Following the destruction of the campus, the university remained closed to students until 1871. When it reopened, it had a total enrollment of only 107 students. The first building to be built on the campus was Woods Hall, completed in 1868. It was built well north of the Quad, with bricks from the destroyed Quad buildings. The Quad itself did not become home to any new buildings until the 1880s, following the end of the Reconstruction era. Completed in 1884, Clark Hall was the first new structure facing the Quad. Built on the site of the Lyceum, the Gothic Revival-style building was designed as an all purpose building, with a library, chapel, and a public meeting room. It was followed by two additional Gothic Revival-style buildings, flanking it to the west and east: Manly Hall in 1885 and Garland Hall in 1888. They both were designed as multifunctional structures, with Garland housing the first Alabama Museum of Natural History. Two smaller Gothic Revival-style buildings, Tuomey and Oliver-Barnard halls were completed in 1889, directly on the Quad to the south of the Manly, Clark, and Garland grouping.

The Quad was the first on-campus site for Alabama Crimson Tide football home games. The Tide played there from 1893 to 1914 before moving to Denny Field.

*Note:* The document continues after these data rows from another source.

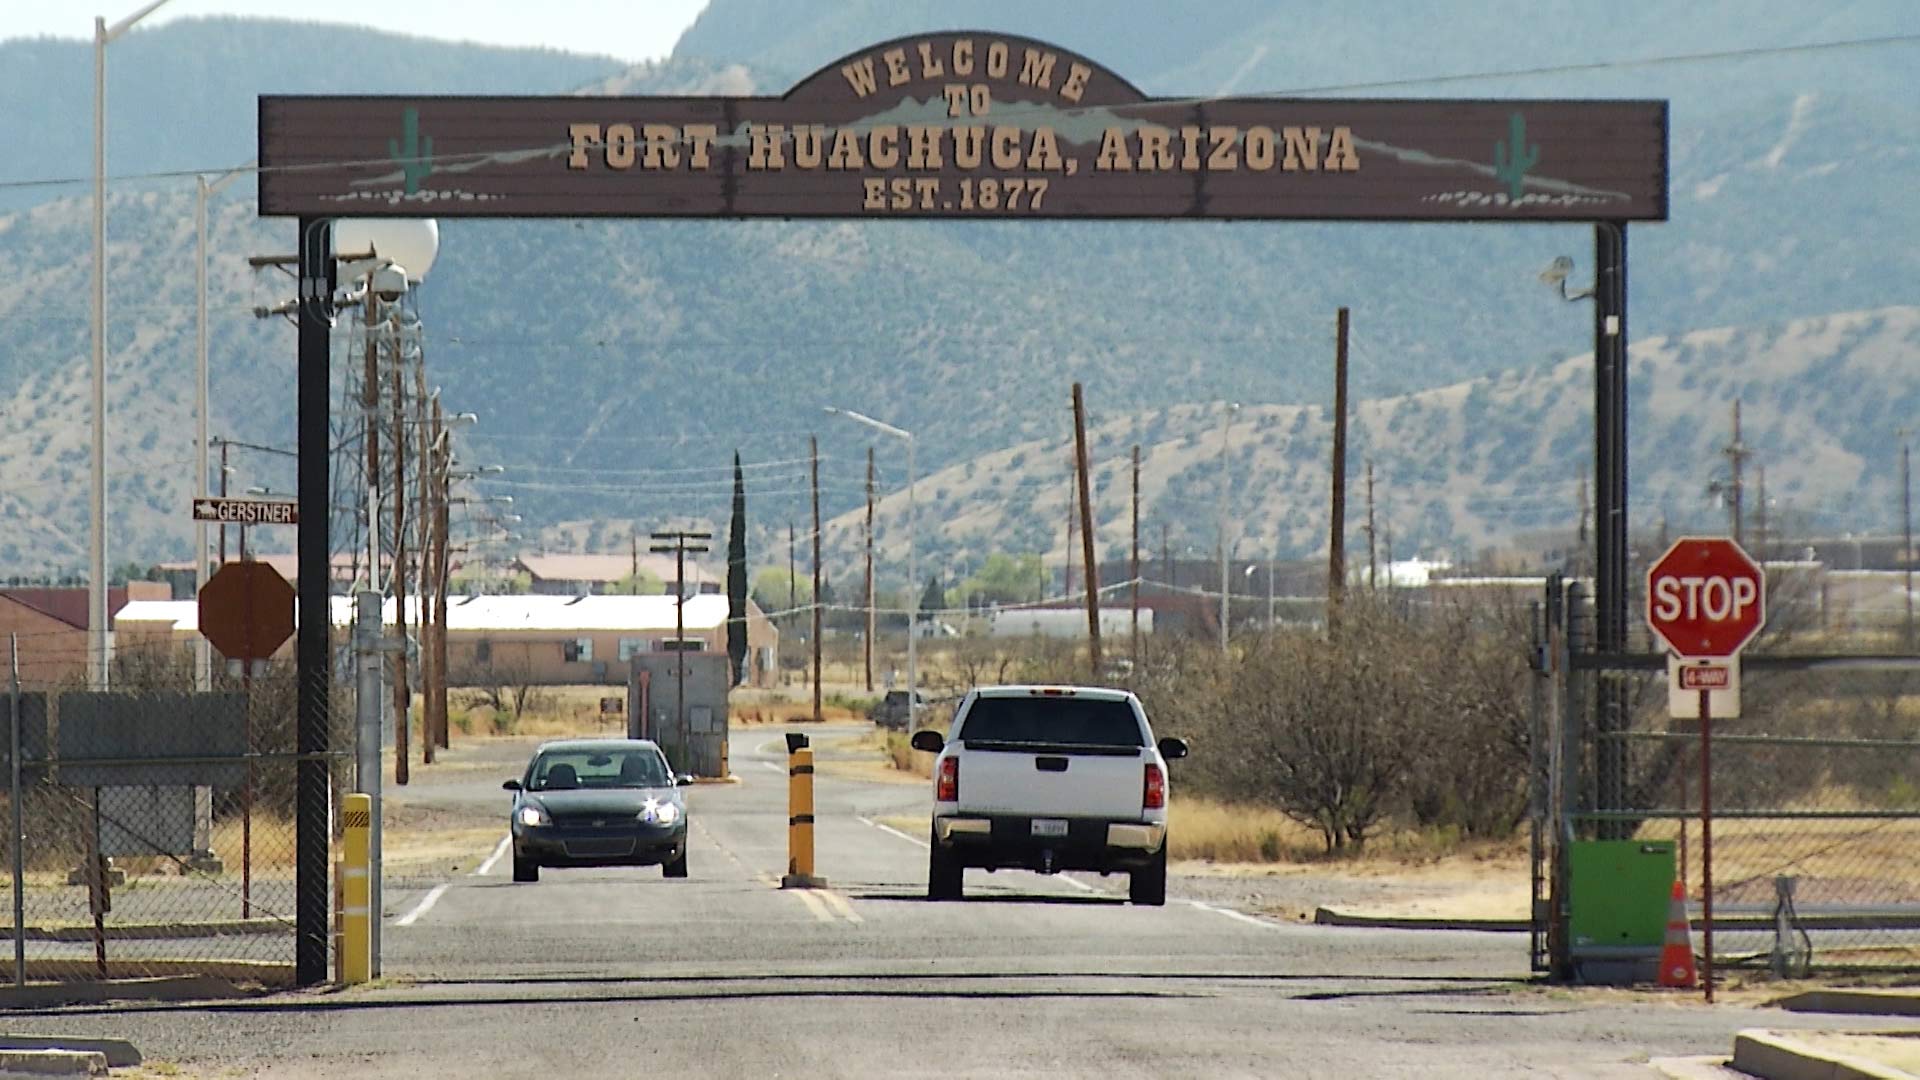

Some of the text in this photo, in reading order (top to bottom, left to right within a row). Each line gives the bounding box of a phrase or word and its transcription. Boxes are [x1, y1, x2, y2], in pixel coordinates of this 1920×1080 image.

[841, 38, 1092, 103] WELCOME
[944, 83, 990, 117] TO
[568, 123, 1360, 176] FORT HUACHUCA, ARIZONA
[218, 502, 291, 522] GERSTNER
[1656, 576, 1756, 621] STOP
[1688, 670, 1727, 685] 4-WAY
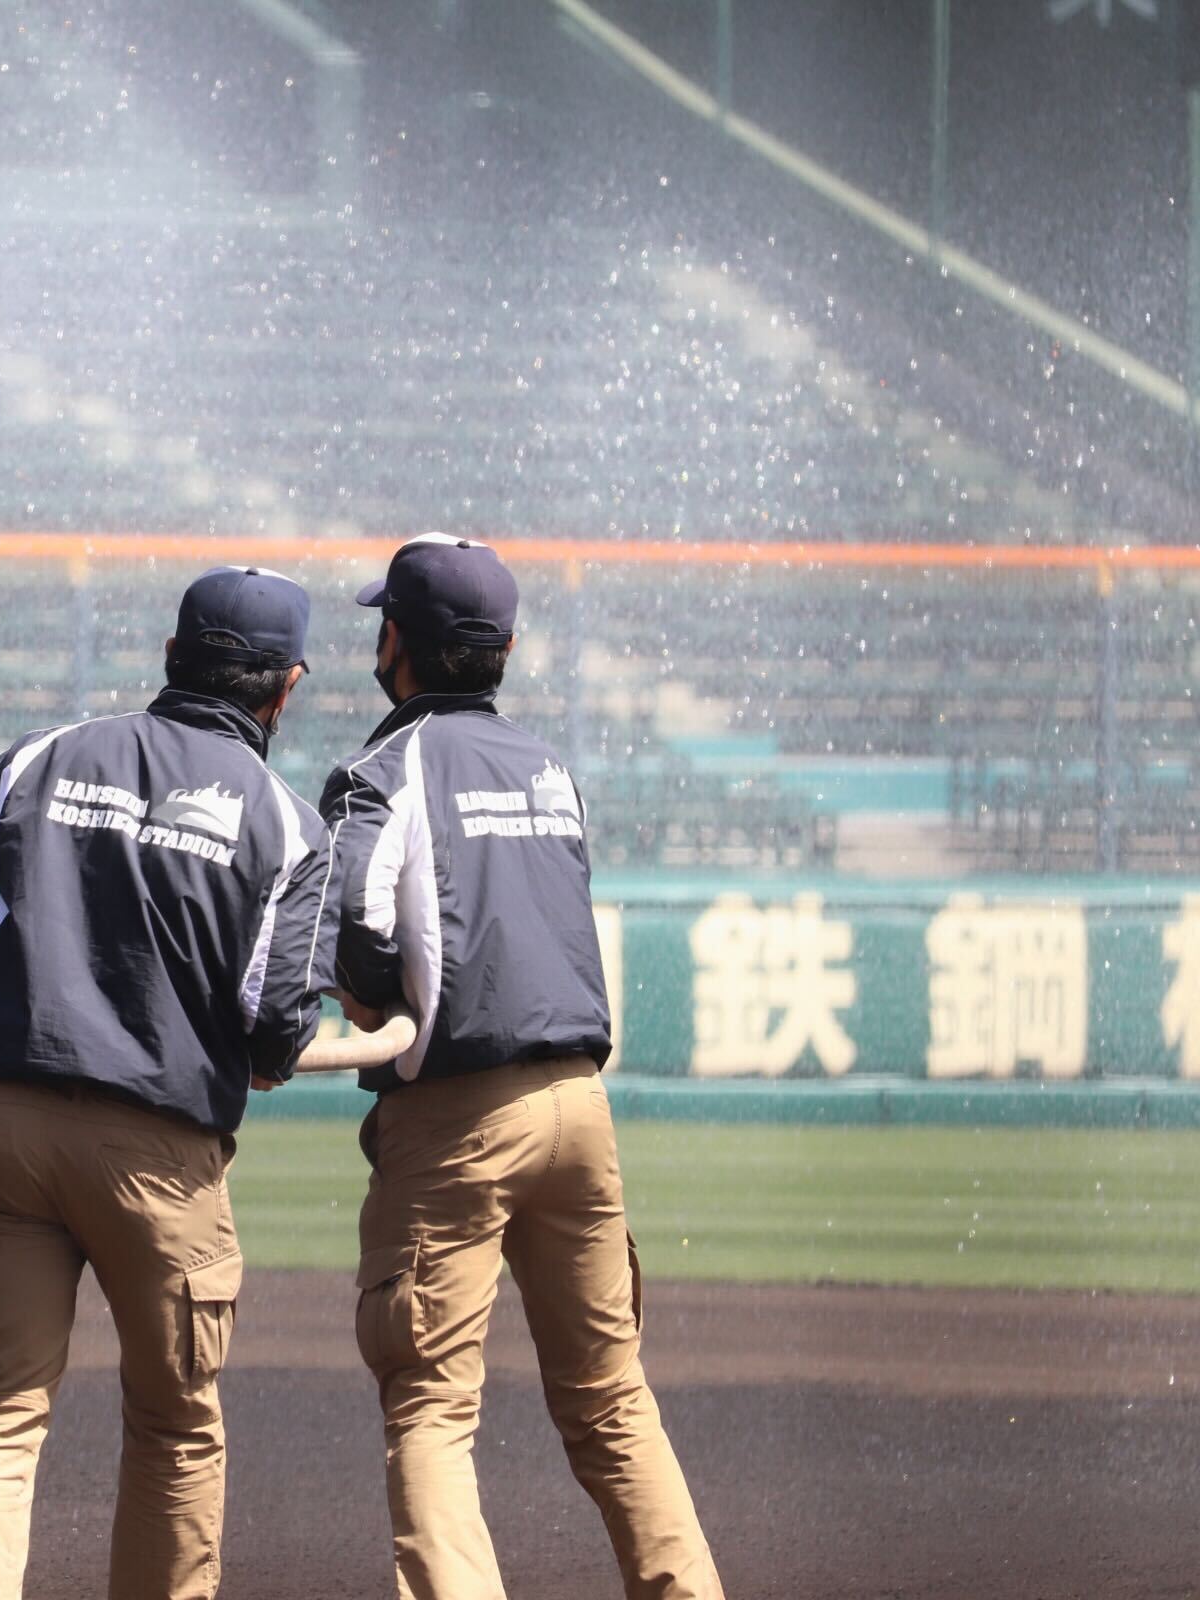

The Quad came to be surrounded by academic buildings during a flurry of building activity in the early 20th century. From 1910 onward, all buildings facing the Quad would be built in the Classical Revival and Beaux-Arts styles. The first of this group was the Beaux-Arts-style Smith Hall, built in 1910 as the new home of the Alabama Museum of Natural History. Next was the Beaux-Arts-style Morgan Hall, built in 1911 as a complement to Smith Hall. It initially housed the School of Law. Little Hall, in Classical-Revival-style, was built in 1915 to house a gymnasium. The adjoining Moore Hall was built in 1935 as an extension of Little and did not receive a name until 1975.

The 1920s saw more building activity around the Quad than any other period since the initial construction of the university. It saw the construction of Nott Hall in 1922, Carmichael Hall in 1925, Lloyd and Farrah halls in 1927, Bidgood Hall in 1928, and Bibb Graves Hall, Doster Hall, and the Alabama Union (present-day Reese Phifer Hall) in 1929. Denny Chimes, a 115 ft campanile on the southern end of the Quad was also completed in 1929. The Amelia Gayle Gorgas Library was the last structure built directly on the Quad, on the site of the former Rotunda. The five-floor Classical Revival building was completed in 1939. Some of the foundation ruins of the Rotunda were preserved under the semi-circular plaza adjoining the front portico. In 1949 Gallalee Hall was built to house a new observatory. The last building constructed facing the Quad was the Rose Administration Building, completed in 1969. It was built on the site of the first incarnation of Julia Tutwiler Hall, a dormitory built in 1914 and demolished to make way for the new building. Nott Hall (now Honors Hall), Farrah Hall, Bidgood Hall, Doster Hall, Reese Phifer Hall, Denny Chimes (any many other buildings across the UA campus) were designed by the Birmingham, Alabama architectural firm Miller, Martin & Lewis.